自噬是对保持细胞的内环境稳定非常重要。本课题分析长波紫外线（UVA）对人皮肤成纤维细胞(HSF)的自噬调控，初步探讨LA对UVA致成纤维细胞光老化保护作用的分子机制，为光老化的治疗提供了新的选择和理论依据。本课题中的研究方法UVA照射方法5、10和20 J/cm2 UVA每天1次照射HSF，连续4d模拟慢性UVA损伤；5、10、30和60 J/cm2单次照射模拟急性UVA损伤。MTT检测HSF增殖活性。MDC染色法检测细胞自噬体阳性率。 western印迹法检测细胞LC3-B蛋白表达，并计算LC3-I与LC3-II的比率。用ELISA法检测细胞TGF-β1和q-PCR法检测细胞MMP-1表达。结果发现，加入不同LA终浓度，细胞分别孵育4-24小时后。在0.5mM LA组孵育24小时组MTT实验结果差异有统计学意义；MDC染色检测细胞自噬体阳性细胞百分率与空白对照组比较，孵育4小时和12小时，各组差异无统计学意义，孵育24小时，差异有统计学意义。western 印迹法检测细胞LC3表达，各组分别与空白对照比较，4和12小时，LC3-II/LC3-I比值差异无统计学意义，而孵育24小时，各组差异有统计学意义。与未照射组比较，慢性照射组和急性照射组的增殖活力差异均有统计学意义。慢性照射可上调细胞自噬水平，而急性照射对自噬水平无明显影响。空白组、LA组、5J/cm2UVA组、5J/cm2 UVA+LA组，10J/cm2组、10J/cm2UVA+LA组、20J/cm2和UVA组和20J/cm2 UVA+LA组，不同剂量单独照射组分别与加LA照射组比较自噬体阳性率和LC3-II/LC3-I的率值比较的差异均有统计学意义。

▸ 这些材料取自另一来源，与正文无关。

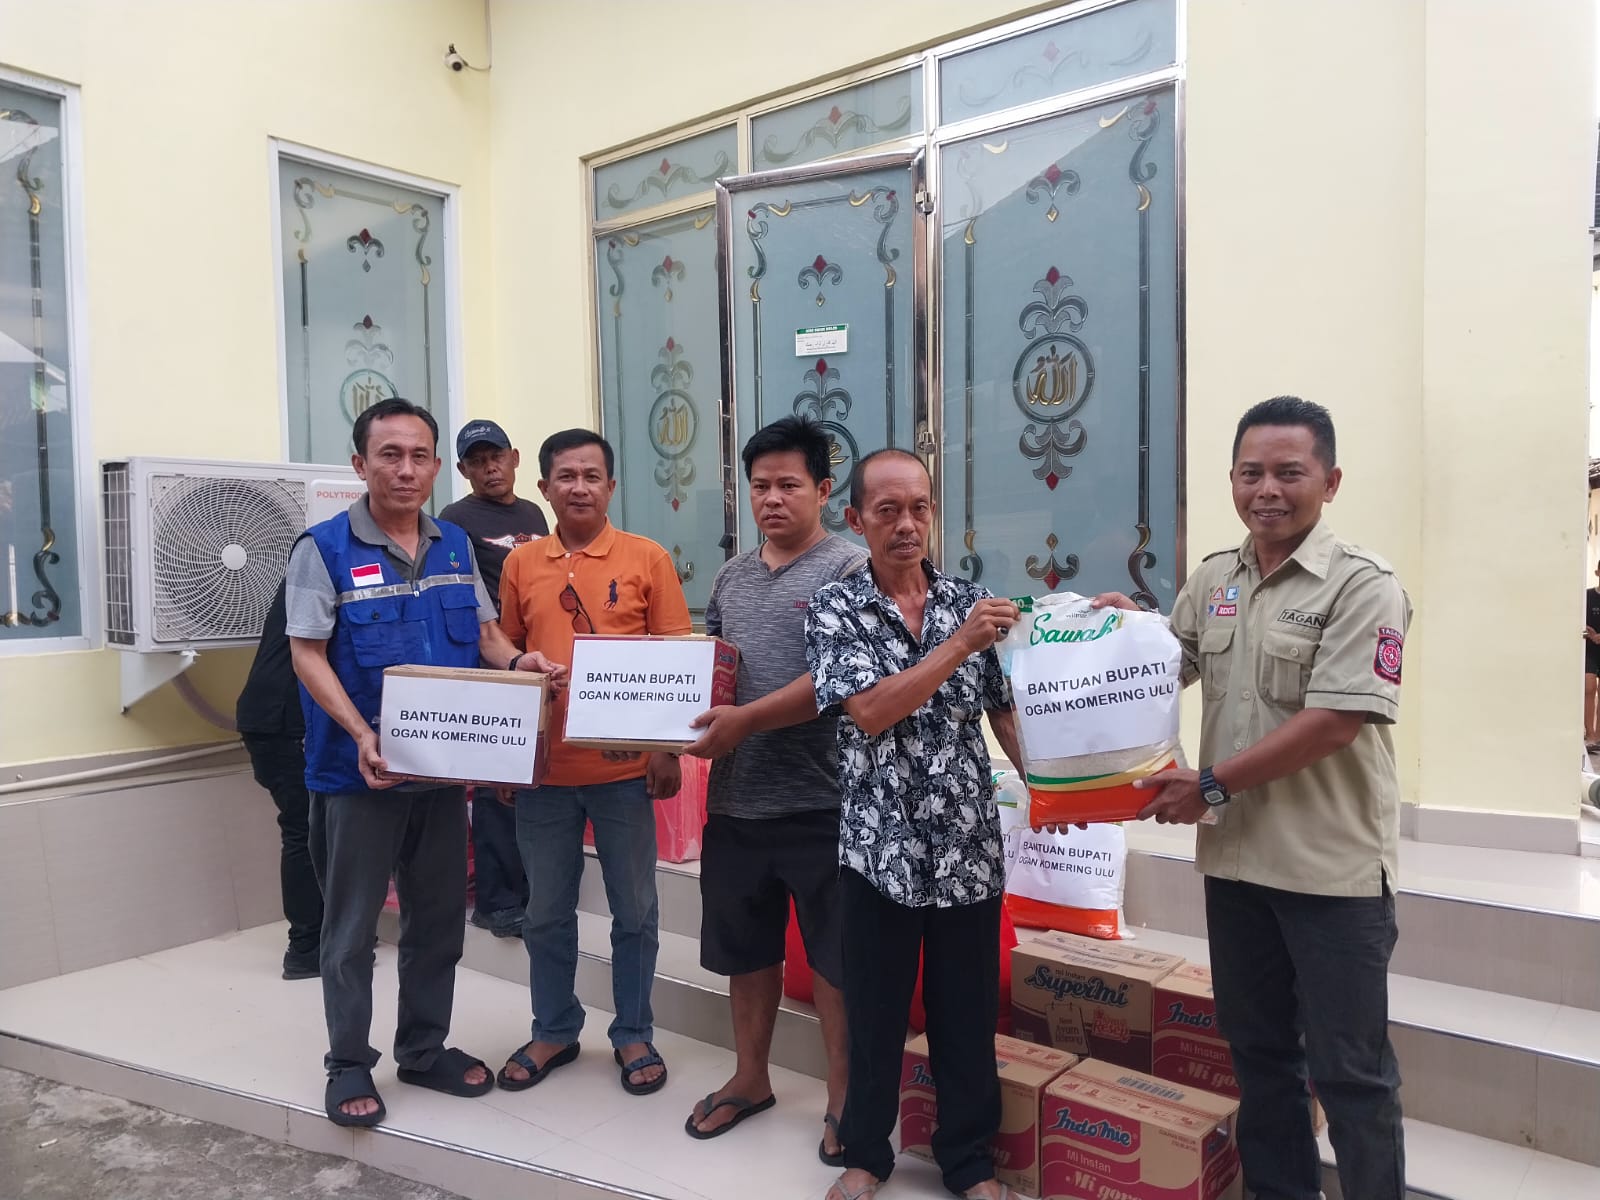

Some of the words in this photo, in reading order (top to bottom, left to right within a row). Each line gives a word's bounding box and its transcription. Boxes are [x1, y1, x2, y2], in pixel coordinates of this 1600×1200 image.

在照射组和LA+照射组比较，MMP-1相对表达量差异、 TGF-β1表达差异有统计学意义。本研究明确了LA对HSF自噬水平的影响；明确了UVA对HSF自噬水平的影响；明确了LA对UVA照射后的HSF自噬水平的影响；探讨了LA对UVA致HSF光老化的影响和可能的发生机制。此外在本课题资助下进行了天然糖类和UVB对角质形成细胞的自噬调控研究，对瘢痕疙瘩进行了非编码RNA的差异表达筛选。证实了数种天然糖类物质对角质形成细胞自噬具有诱导效应和光保护效应；UVB对角质形成细胞具有自噬抑制效应；瘢痕疙瘩组织中具有多种LncRNA的差异表达，目前进一步进行功能学验证。